— YOUR ASSIGNMENT —
Exactly as written, retype the listing below, omitting the pictures.

— MATERIAL PROVIDED —
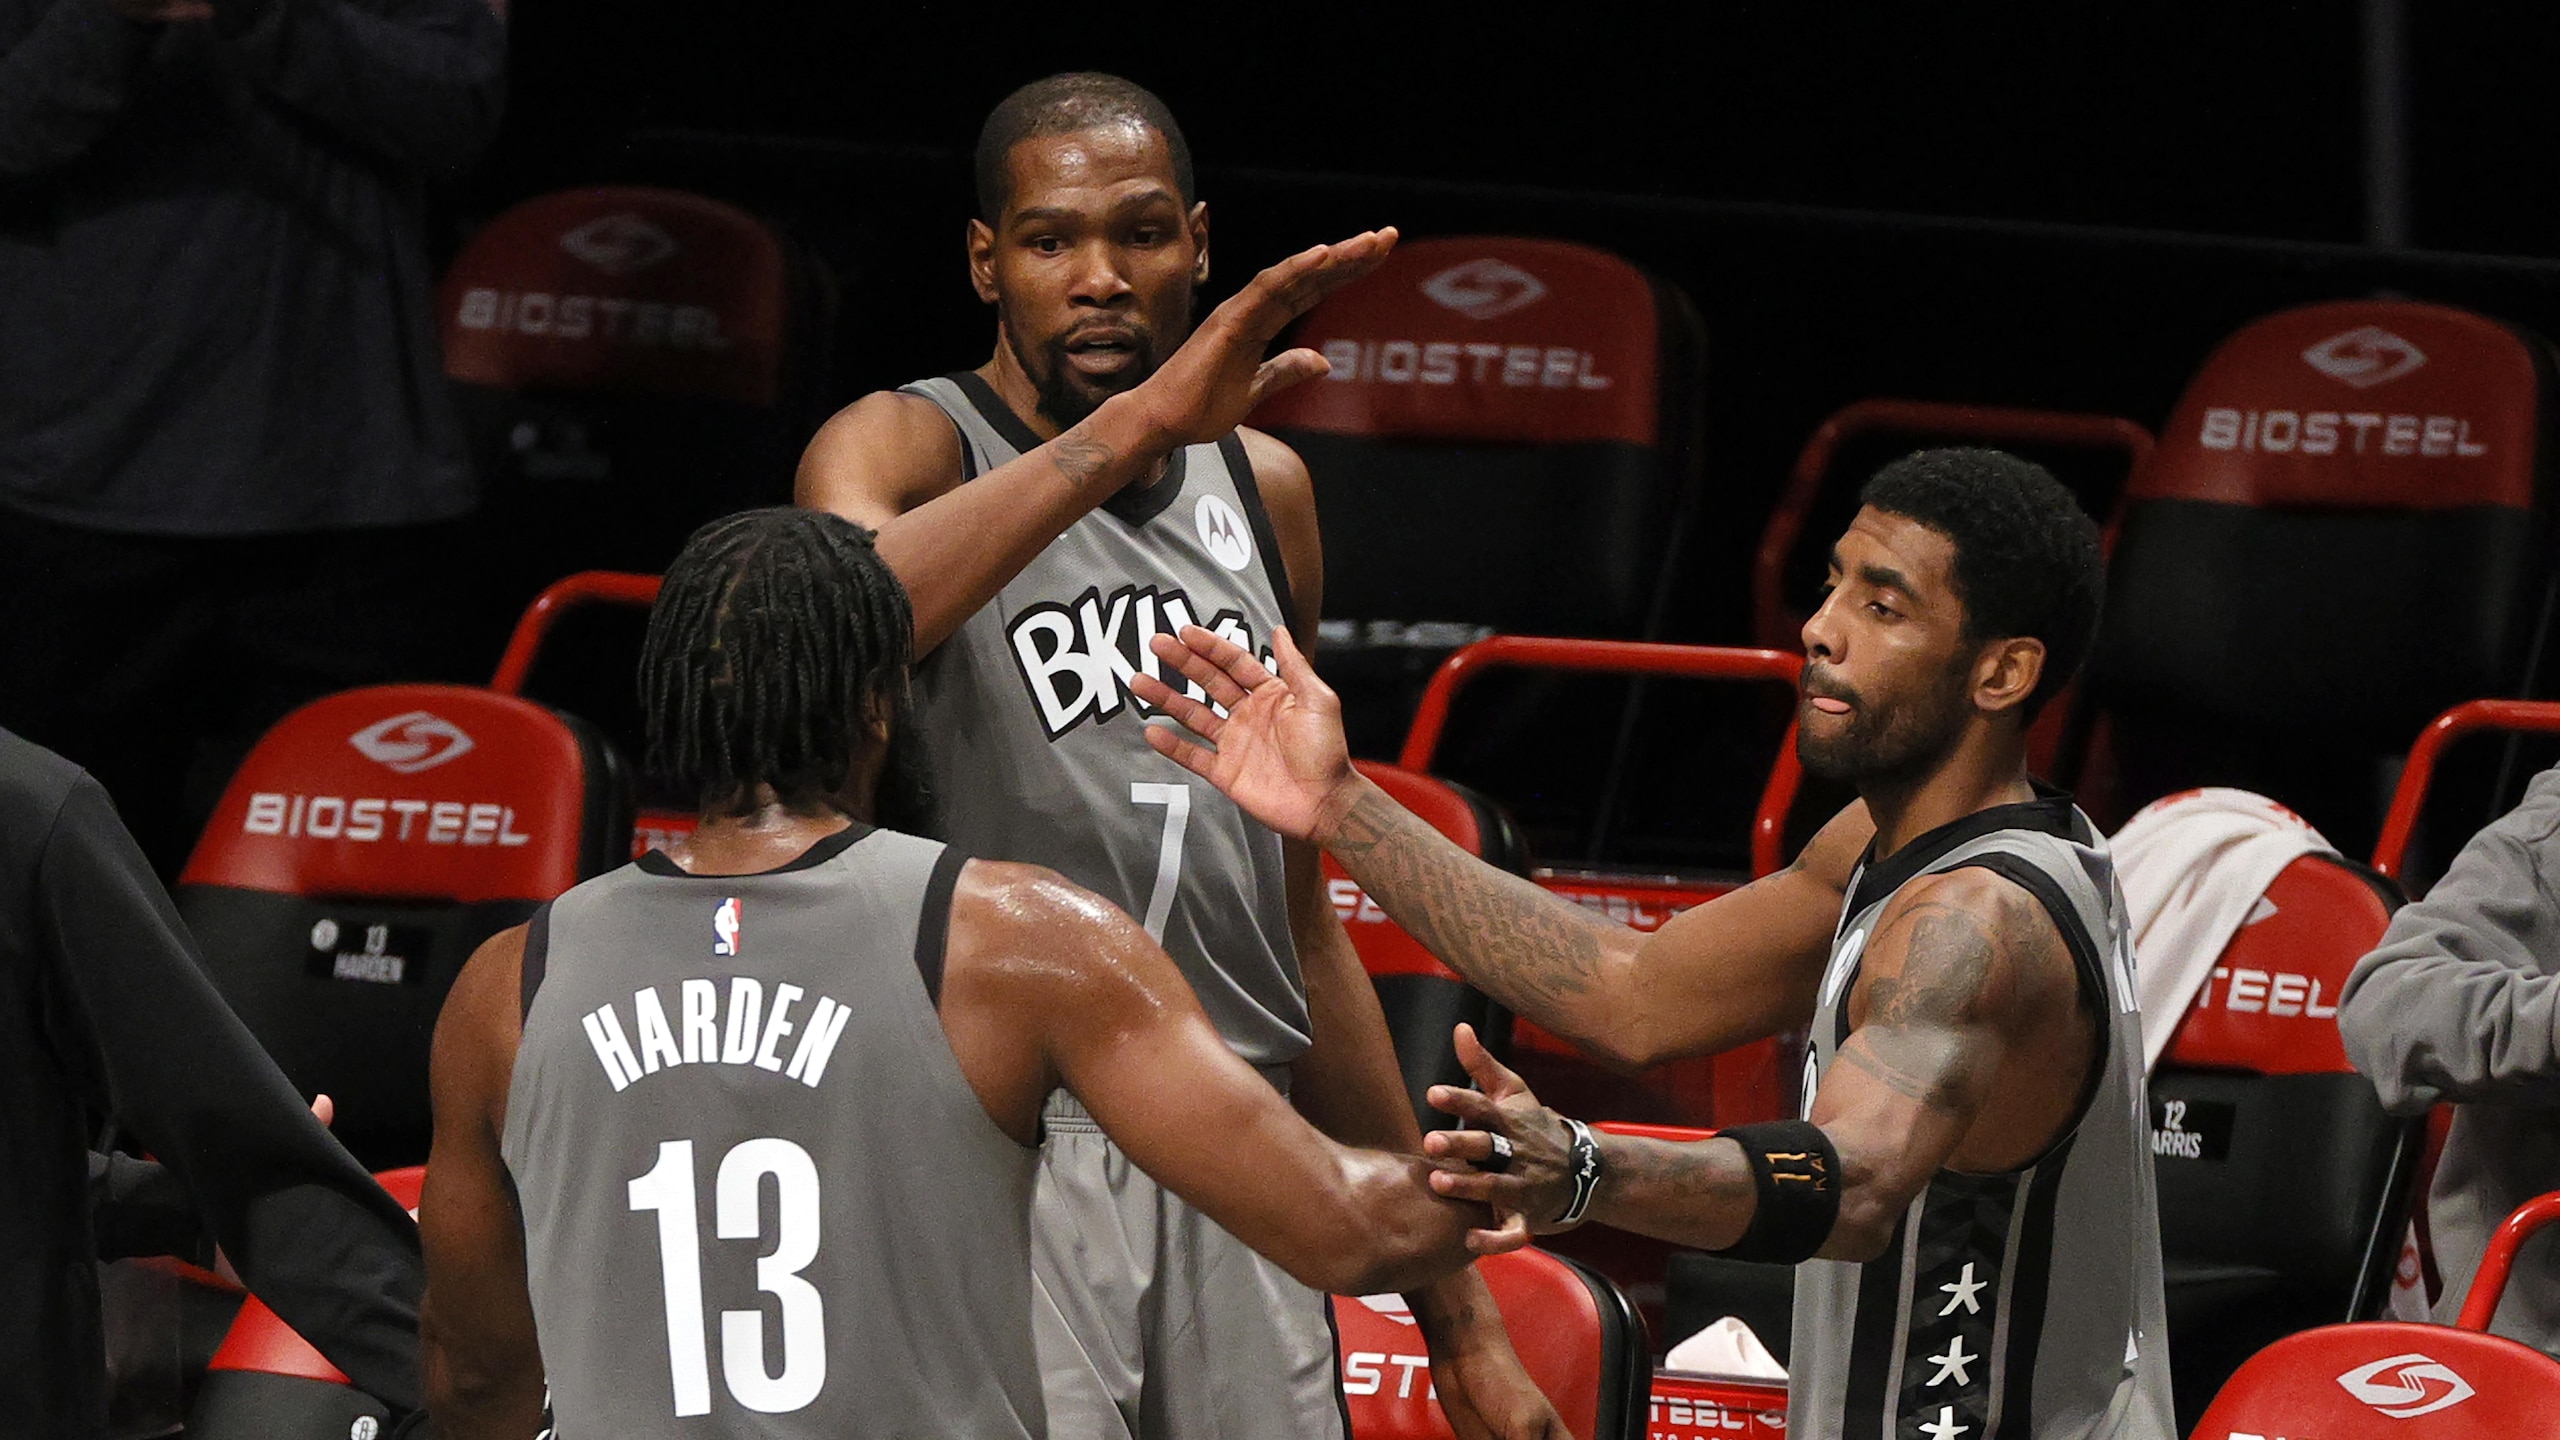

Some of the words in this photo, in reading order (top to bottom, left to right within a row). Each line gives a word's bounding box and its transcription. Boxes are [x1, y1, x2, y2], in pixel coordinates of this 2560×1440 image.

[458, 288, 731, 350] BIOSTEEL
[1322, 340, 1613, 390] BIOSTEEL
[2200, 407, 2488, 457] BIOSTEEL
[243, 792, 531, 847] BIOSTEEL
[1131, 782, 1190, 946] 7
[581, 976, 853, 1093] HARDEN
[2164, 1100, 2187, 1130] 12
[627, 1137, 827, 1418] 13
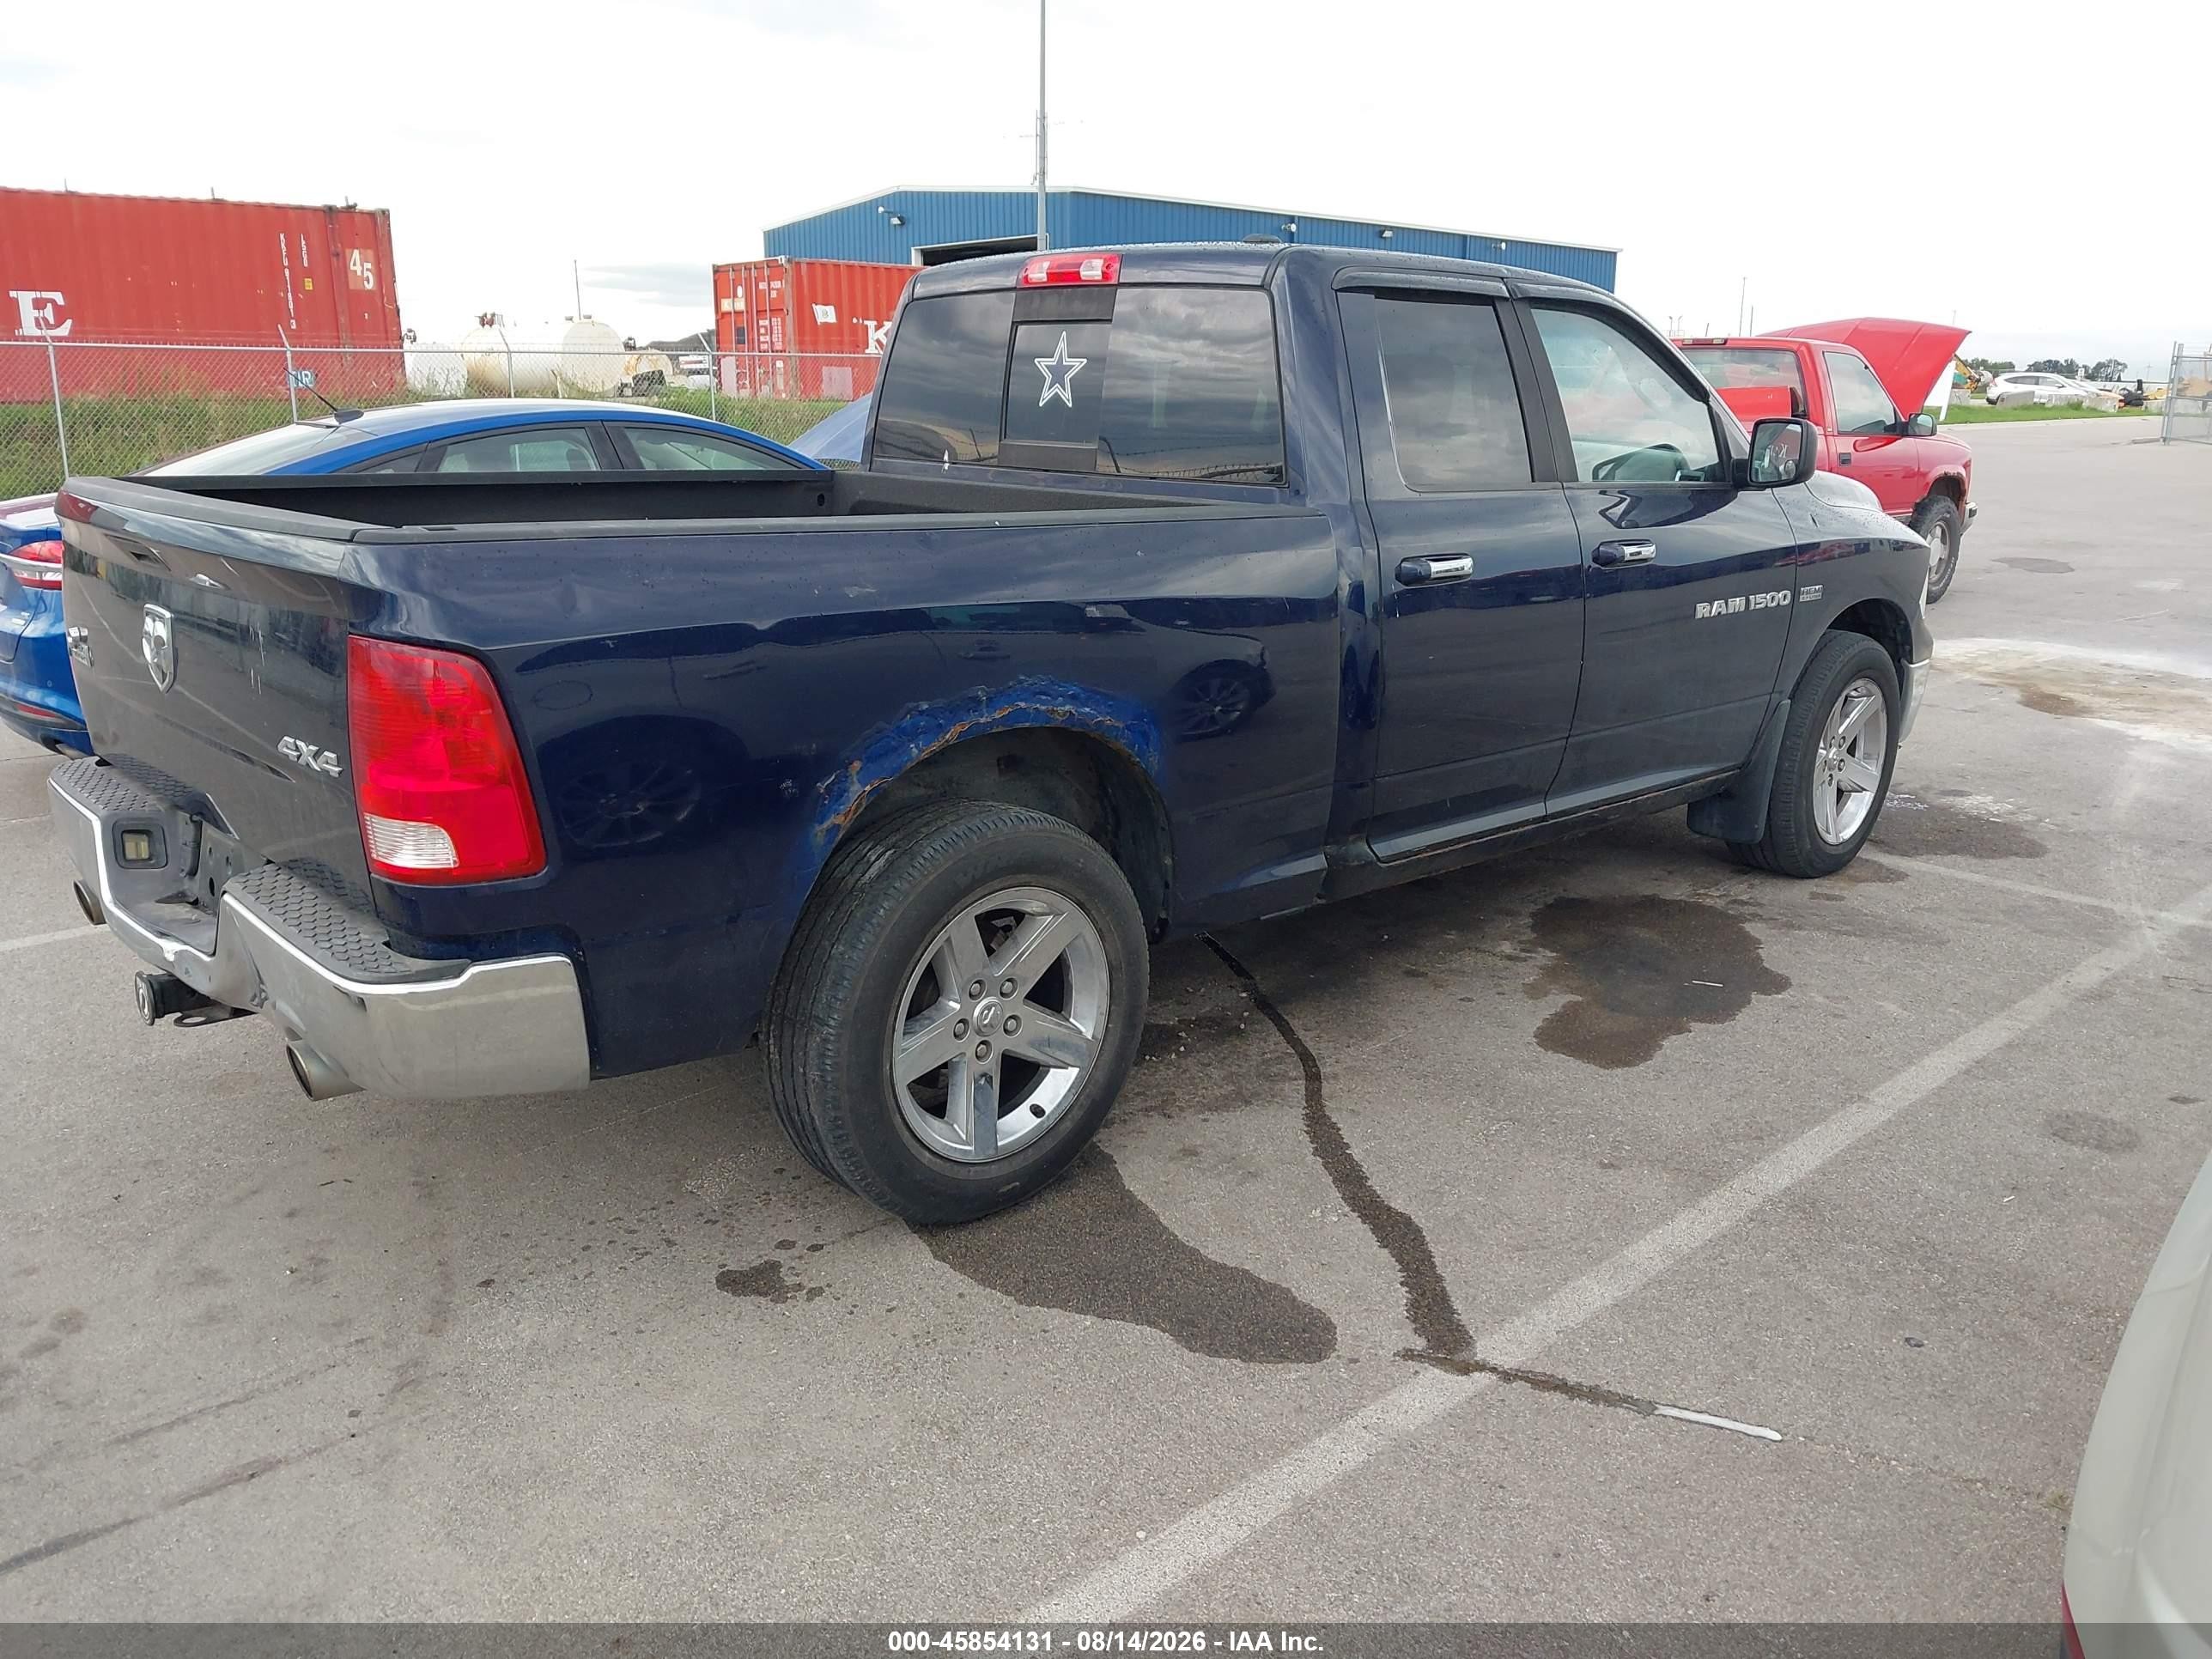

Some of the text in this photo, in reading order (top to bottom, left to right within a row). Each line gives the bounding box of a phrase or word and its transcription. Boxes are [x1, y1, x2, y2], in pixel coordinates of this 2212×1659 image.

[349, 249, 374, 289] 45
[1695, 590, 1791, 619] RAM 1500
[1801, 586, 1822, 595] HEMI

— ANSWER SECTION —
Some of the words in this photo, in reading order (top to bottom, left to right within a row). Each line gives a word's bounding box and its transcription. Boxes are [x1, y1, x2, y2], in pixel coordinates of this 2560×1440 image.

[458, 288, 731, 350] BIOSTEEL
[1322, 340, 1613, 390] BIOSTEEL
[2200, 407, 2488, 457] BIOSTEEL
[243, 792, 531, 847] BIOSTEEL
[1131, 782, 1190, 946] 7
[581, 976, 853, 1093] HARDEN
[2164, 1100, 2187, 1130] 12
[627, 1137, 827, 1418] 13

Some of the text in this photo, in reading order (top to bottom, left to right within a row). Each line gives the bounding box of a phrase or word and its transcription. Boxes are [x1, y1, x2, y2], in pixel coordinates of this 2212×1659 image.

[349, 249, 374, 289] 45
[1695, 590, 1791, 619] RAM 1500
[1801, 586, 1822, 595] HEMI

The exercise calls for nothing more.